# Exercise description
Your reply should be an exact copy of every entry, with the pictures removed.

# Data
---------------

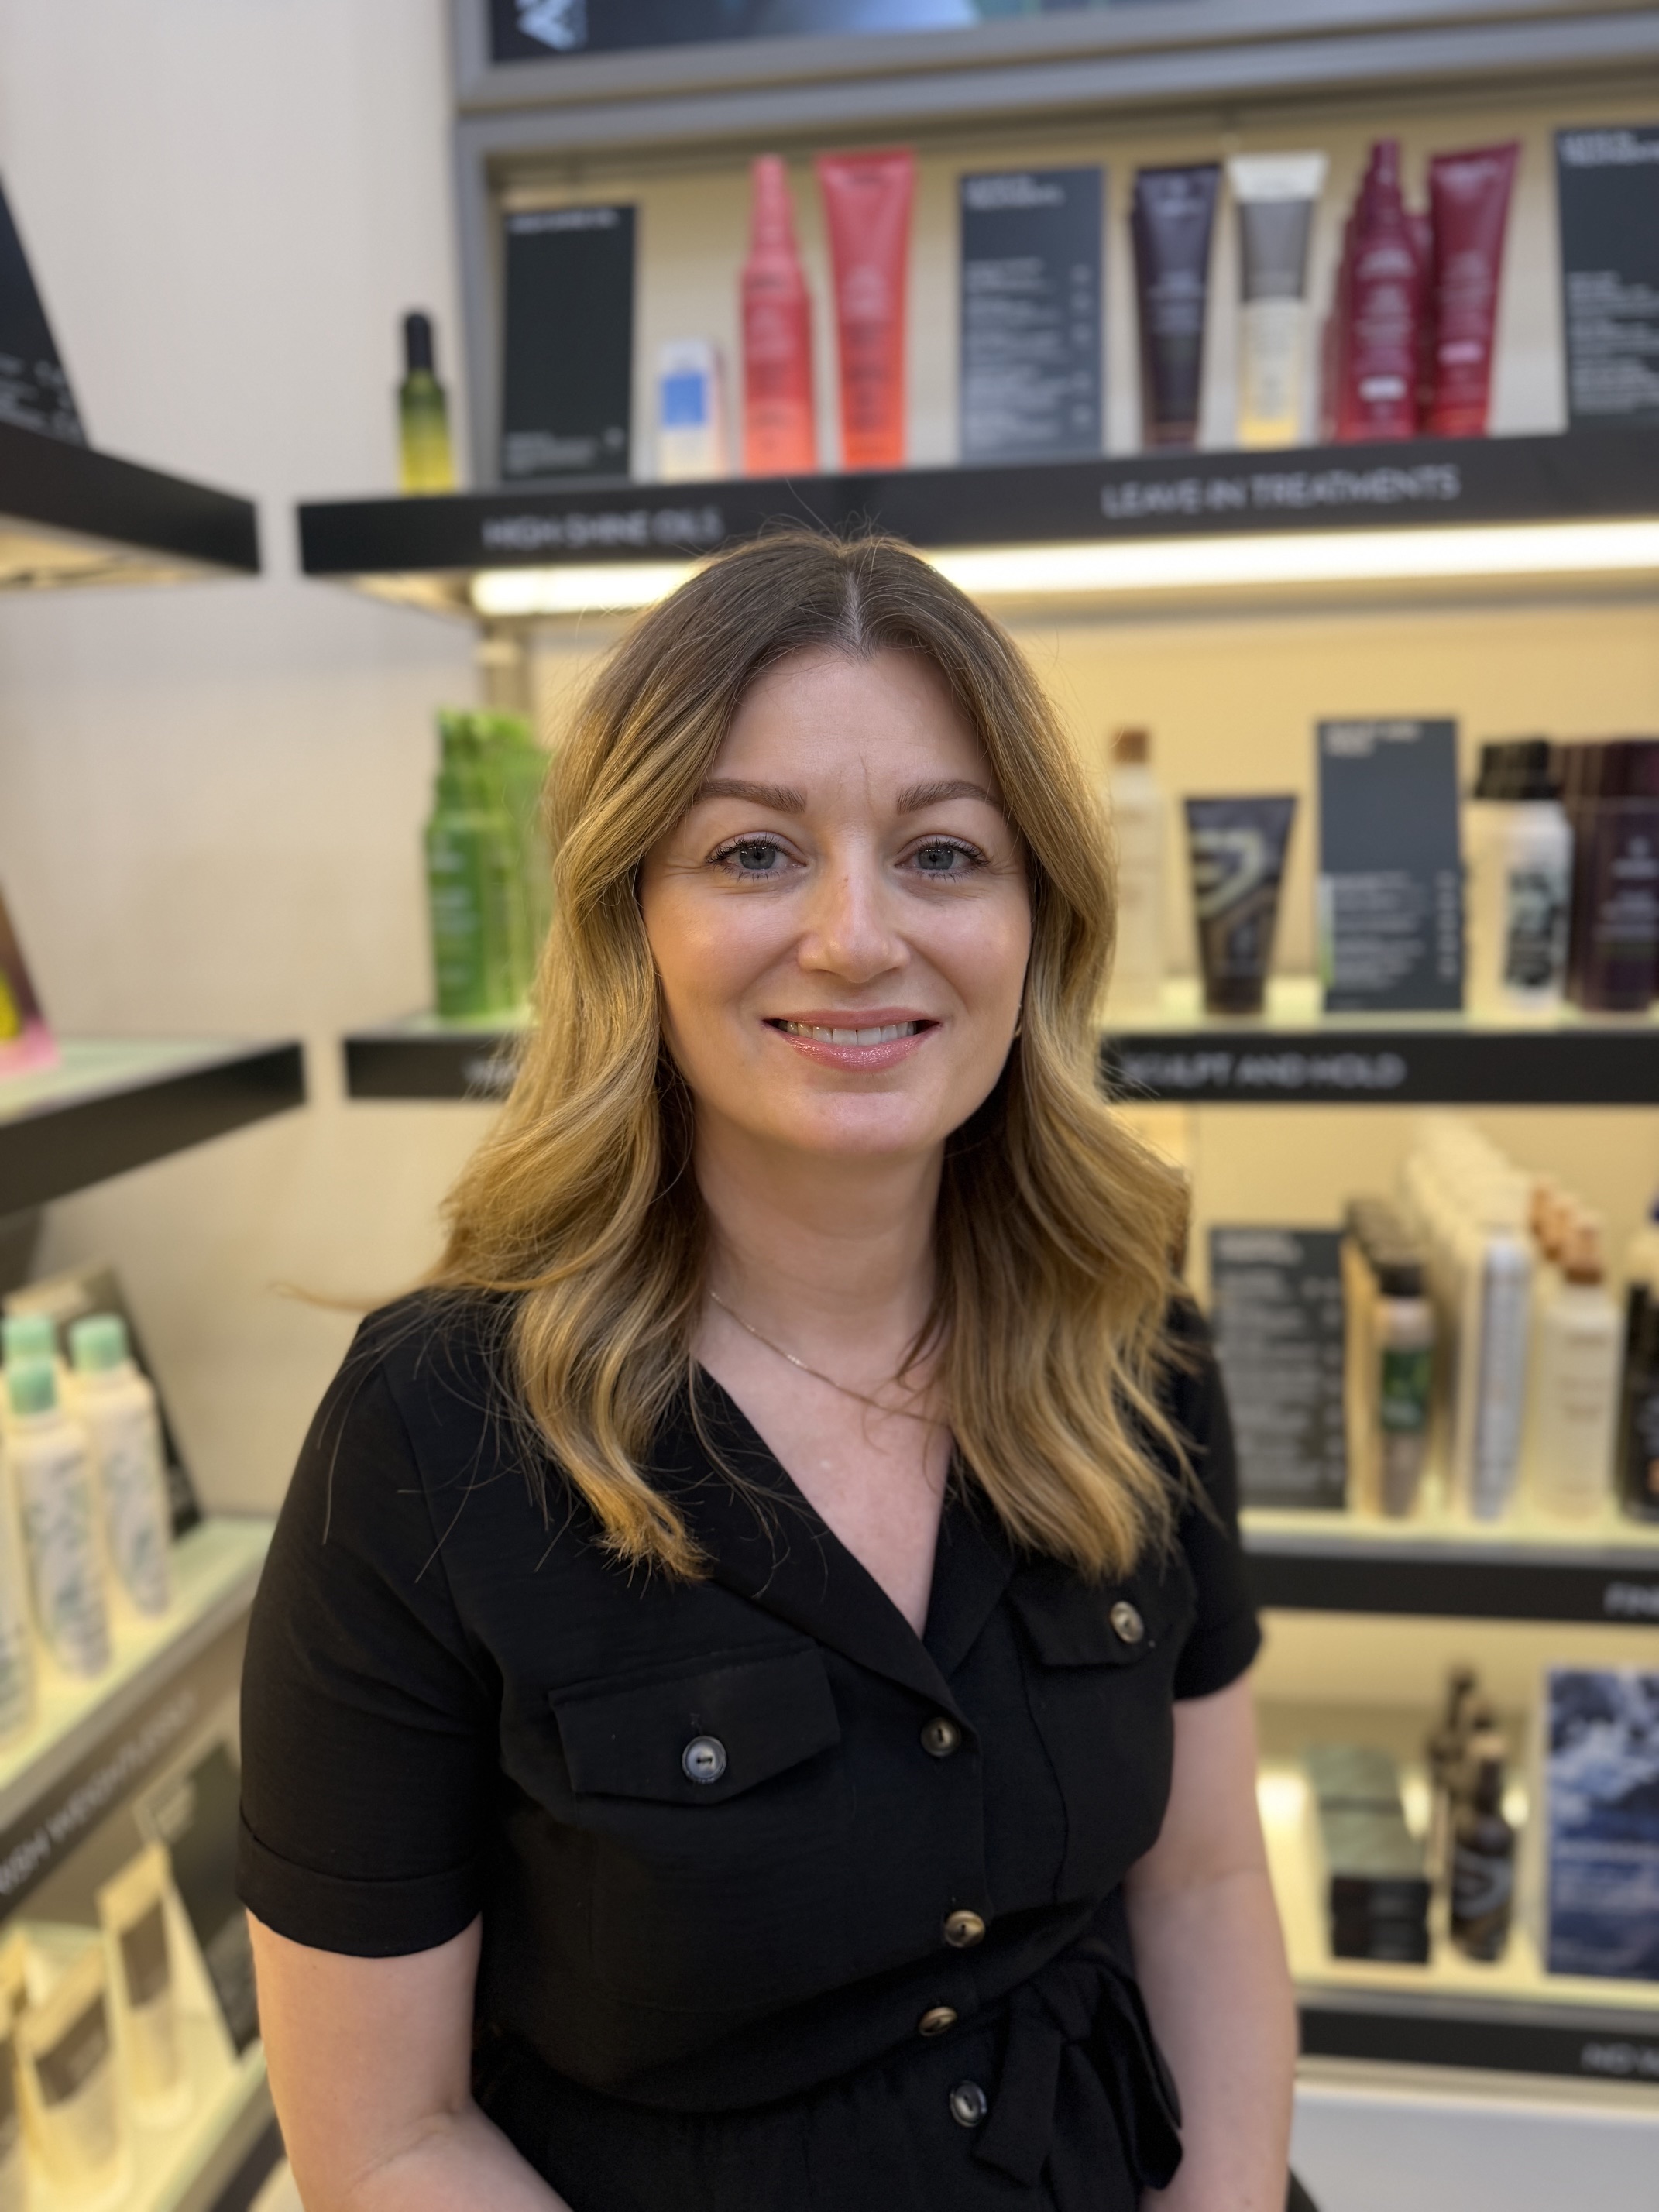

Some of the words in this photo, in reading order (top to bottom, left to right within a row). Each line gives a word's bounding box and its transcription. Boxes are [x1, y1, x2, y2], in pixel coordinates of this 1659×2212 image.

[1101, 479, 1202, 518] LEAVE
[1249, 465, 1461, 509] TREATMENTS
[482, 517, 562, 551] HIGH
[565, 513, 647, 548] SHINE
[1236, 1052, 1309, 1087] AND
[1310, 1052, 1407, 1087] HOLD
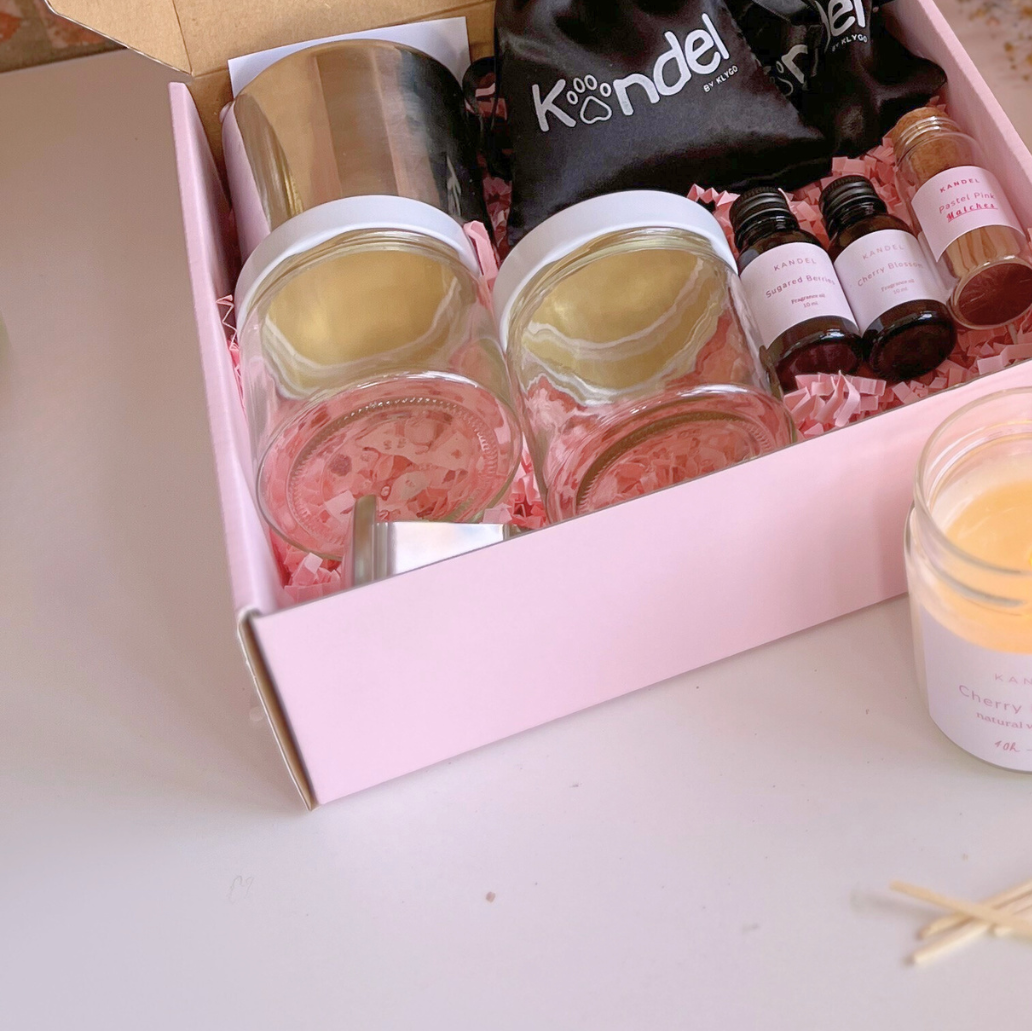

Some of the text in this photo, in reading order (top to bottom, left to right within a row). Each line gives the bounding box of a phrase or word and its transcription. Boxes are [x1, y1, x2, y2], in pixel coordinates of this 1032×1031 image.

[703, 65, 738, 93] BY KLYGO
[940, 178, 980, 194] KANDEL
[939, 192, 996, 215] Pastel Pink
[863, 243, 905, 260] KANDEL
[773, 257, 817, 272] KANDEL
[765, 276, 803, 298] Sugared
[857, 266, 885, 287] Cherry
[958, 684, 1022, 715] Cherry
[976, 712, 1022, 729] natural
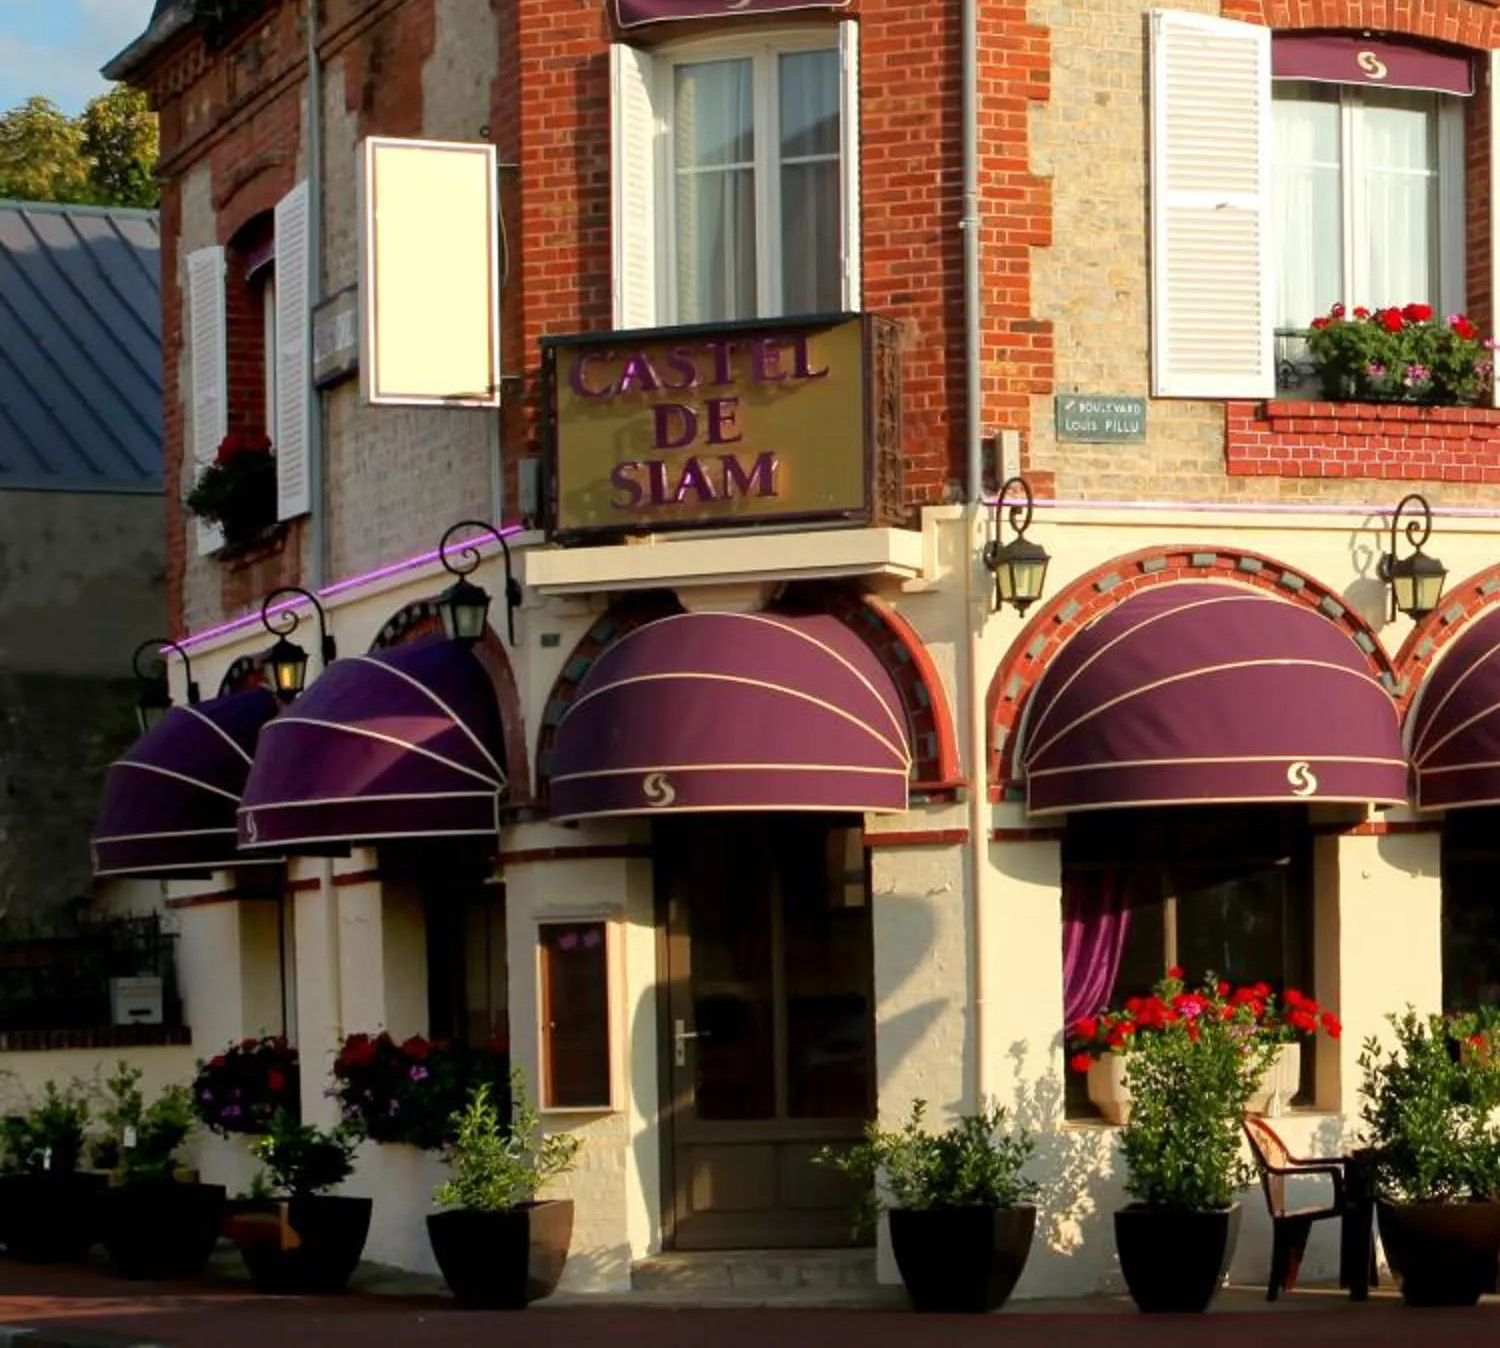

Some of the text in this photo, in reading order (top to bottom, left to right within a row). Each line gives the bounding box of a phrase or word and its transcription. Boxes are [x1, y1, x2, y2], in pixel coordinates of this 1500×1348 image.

---------------

# Output for this task
Some of the words in this photo, in reading order (top to bottom, left to right within a row). Each line gives a word's bounding box and its transcription. Boxes are [x1, y1, x2, y2], in pixel coordinates of this 1659×2212 image.

[1101, 479, 1202, 518] LEAVE
[1249, 465, 1461, 509] TREATMENTS
[482, 517, 562, 551] HIGH
[565, 513, 647, 548] SHINE
[1236, 1052, 1309, 1087] AND
[1310, 1052, 1407, 1087] HOLD

Some of the text in this photo, in reading order (top to bottom, left to right within a row). Each line gives the bounding box of a phrase or word and its transcription. Boxes are [x1, y1, x2, y2], in pixel coordinates of this 1032×1031 image.

[703, 65, 738, 93] BY KLYGO
[940, 178, 980, 194] KANDEL
[939, 192, 996, 215] Pastel Pink
[863, 243, 905, 260] KANDEL
[773, 257, 817, 272] KANDEL
[765, 276, 803, 298] Sugared
[857, 266, 885, 287] Cherry
[958, 684, 1022, 715] Cherry
[976, 712, 1022, 729] natural

Some of the text in this photo, in reading order (top to bottom, left to right within a row). Each line gives the bounding box of a phrase or word and its transcription. Boxes are [x1, y1, x2, y2], in pixel coordinates of this 1500×1348 image.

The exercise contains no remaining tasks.